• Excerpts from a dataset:
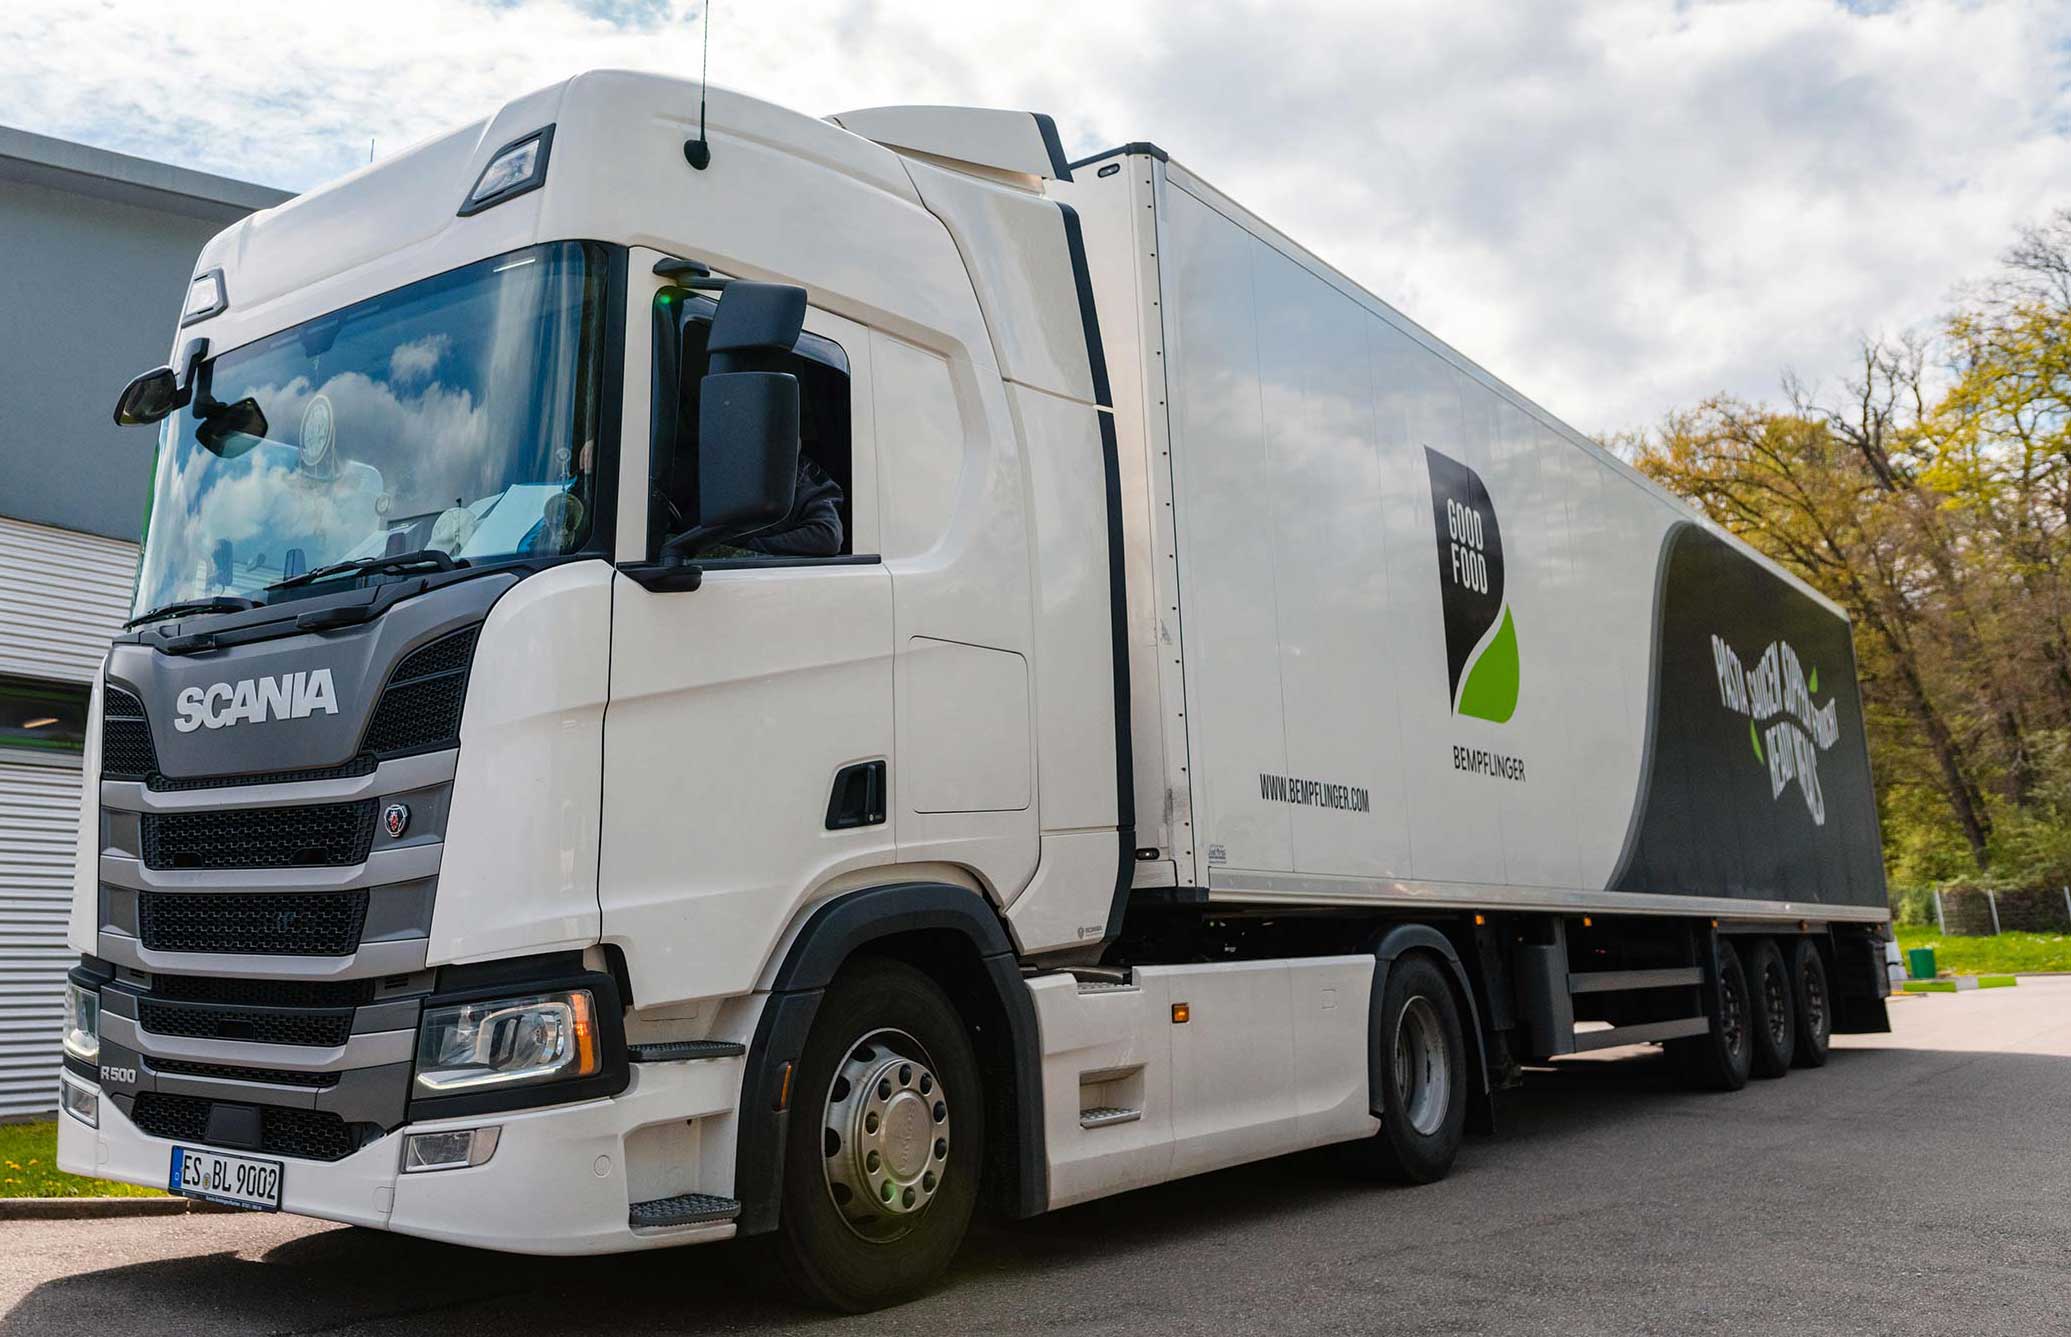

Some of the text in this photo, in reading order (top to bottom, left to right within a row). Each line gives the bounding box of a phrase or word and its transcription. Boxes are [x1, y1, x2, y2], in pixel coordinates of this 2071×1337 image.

[1447, 497, 1484, 551] GOOD
[1451, 542, 1488, 595] FOOD
[1711, 634, 1750, 716] PASTA
[174, 668, 339, 733] SCANIA
[1452, 745, 1526, 784] BEMPFLINGER
[1260, 772, 1370, 814] WWW.BEMPFLINGER.COM
[100, 1065, 137, 1084] R500
[182, 1154, 277, 1200] ES BL 9002
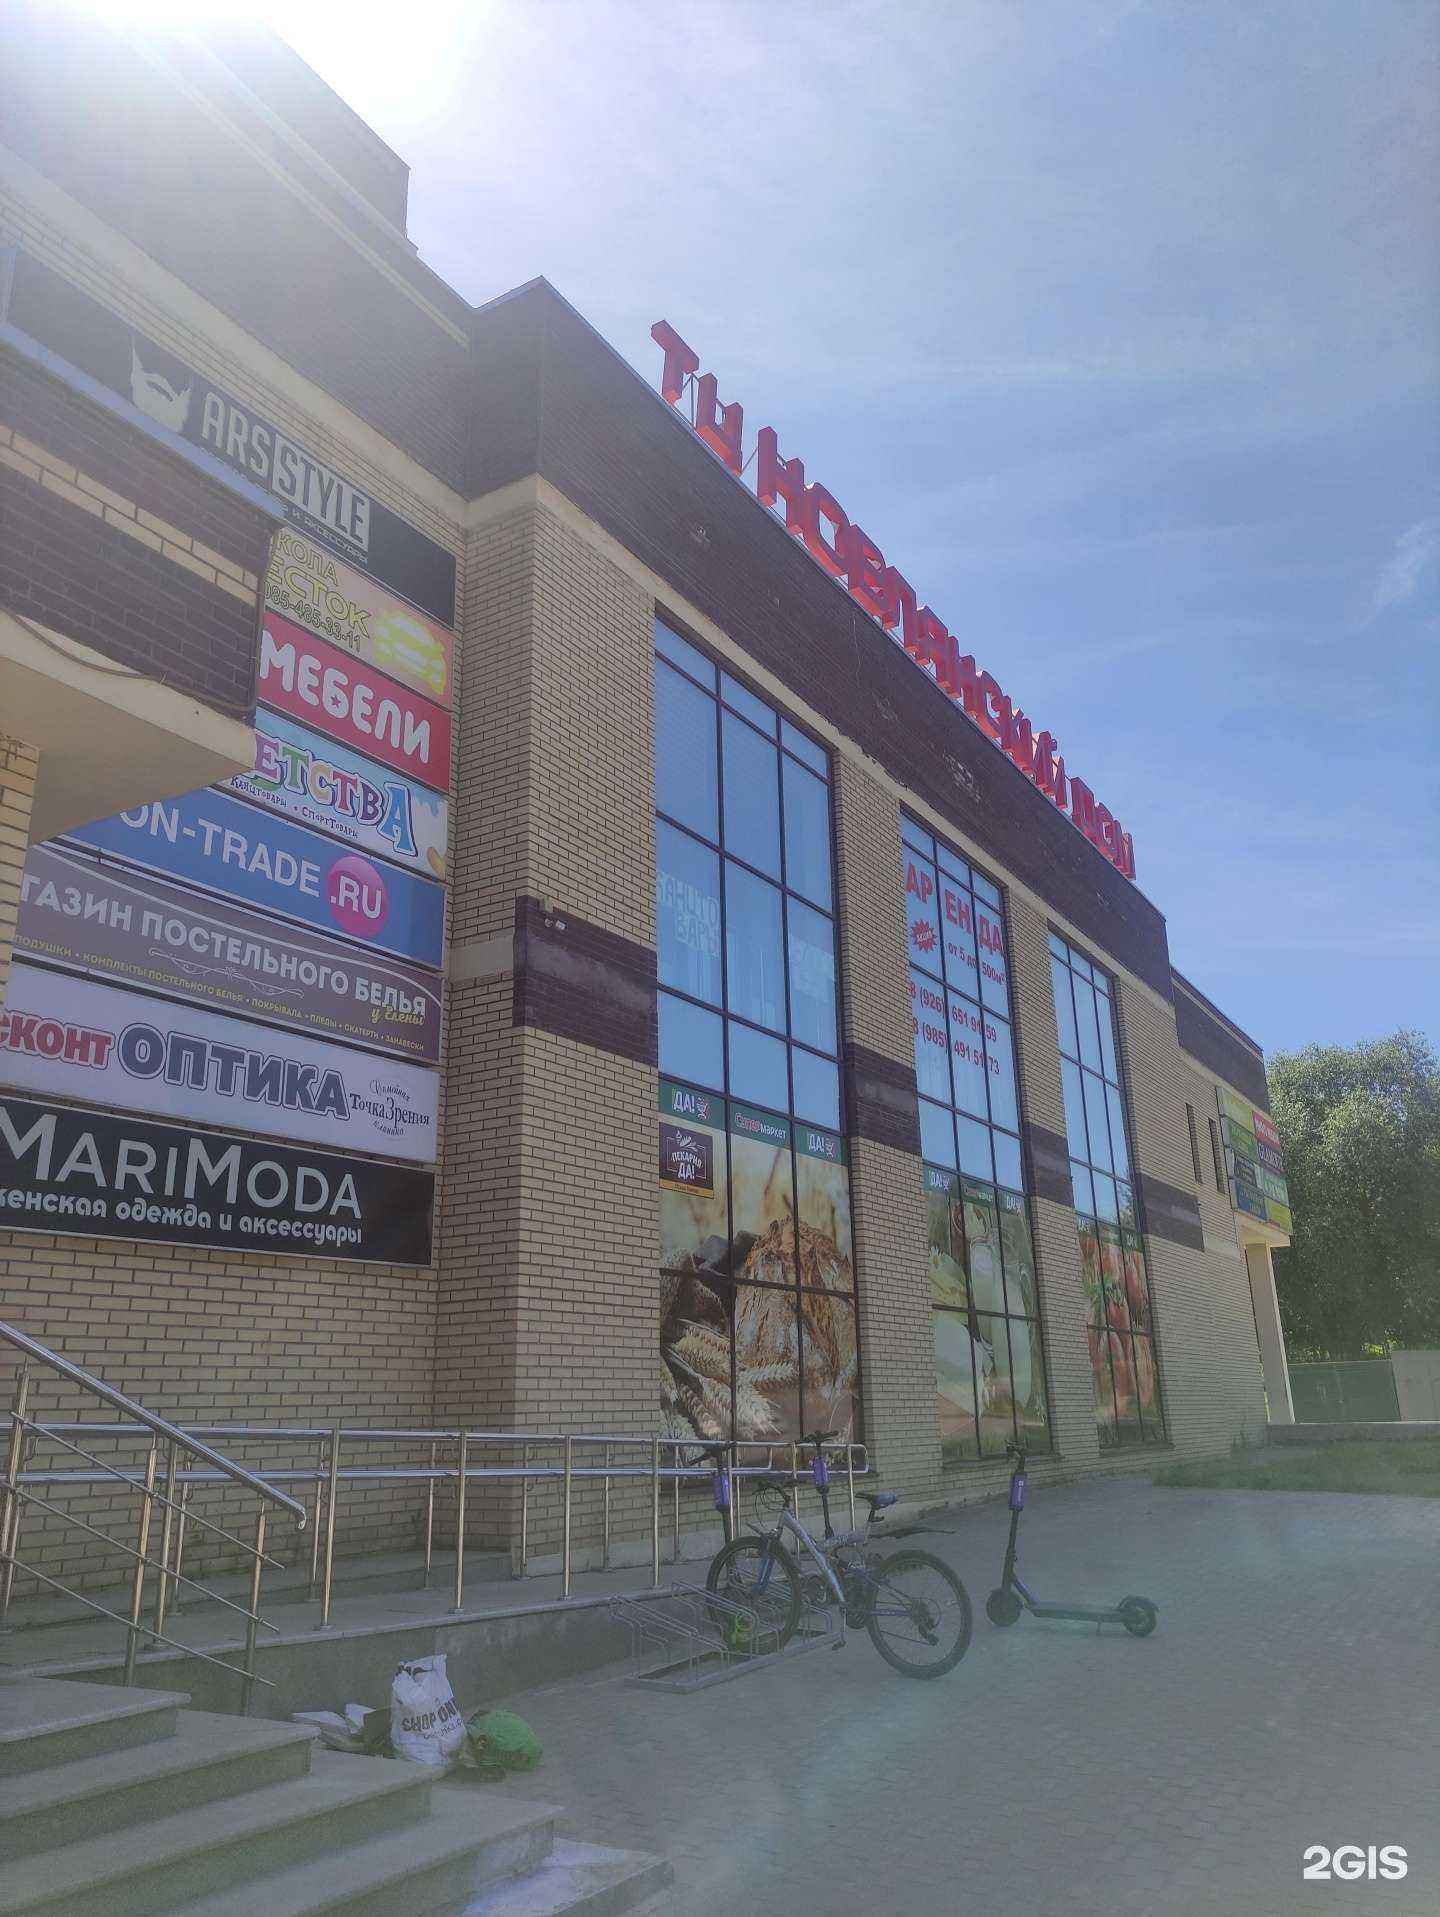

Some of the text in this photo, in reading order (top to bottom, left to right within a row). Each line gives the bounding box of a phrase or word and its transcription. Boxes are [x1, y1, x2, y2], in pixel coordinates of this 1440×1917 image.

• PROBLEM REQUIREMENTS: Without the images, write out each line of the data verbatim.

• ANSWER BOX:
Some of the text in this photo, in reading order (top to bottom, left to right within a row). Each line gives the bounding box of a phrase or word and its transcription. Boxes are [x1, y1, x2, y2], in pixel coordinates of this 2071×1337 image.

[1447, 497, 1484, 551] GOOD
[1451, 542, 1488, 595] FOOD
[1711, 634, 1750, 716] PASTA
[174, 668, 339, 733] SCANIA
[1452, 745, 1526, 784] BEMPFLINGER
[1260, 772, 1370, 814] WWW.BEMPFLINGER.COM
[100, 1065, 137, 1084] R500
[182, 1154, 277, 1200] ES BL 9002

Some of the text in this photo, in reading order (top to bottom, left to right within a row). Each line gives the bounding box of a phrase or word and its transcription. Boxes are [x1, y1, x2, y2], in pixel coordinates of this 1440×1917 image.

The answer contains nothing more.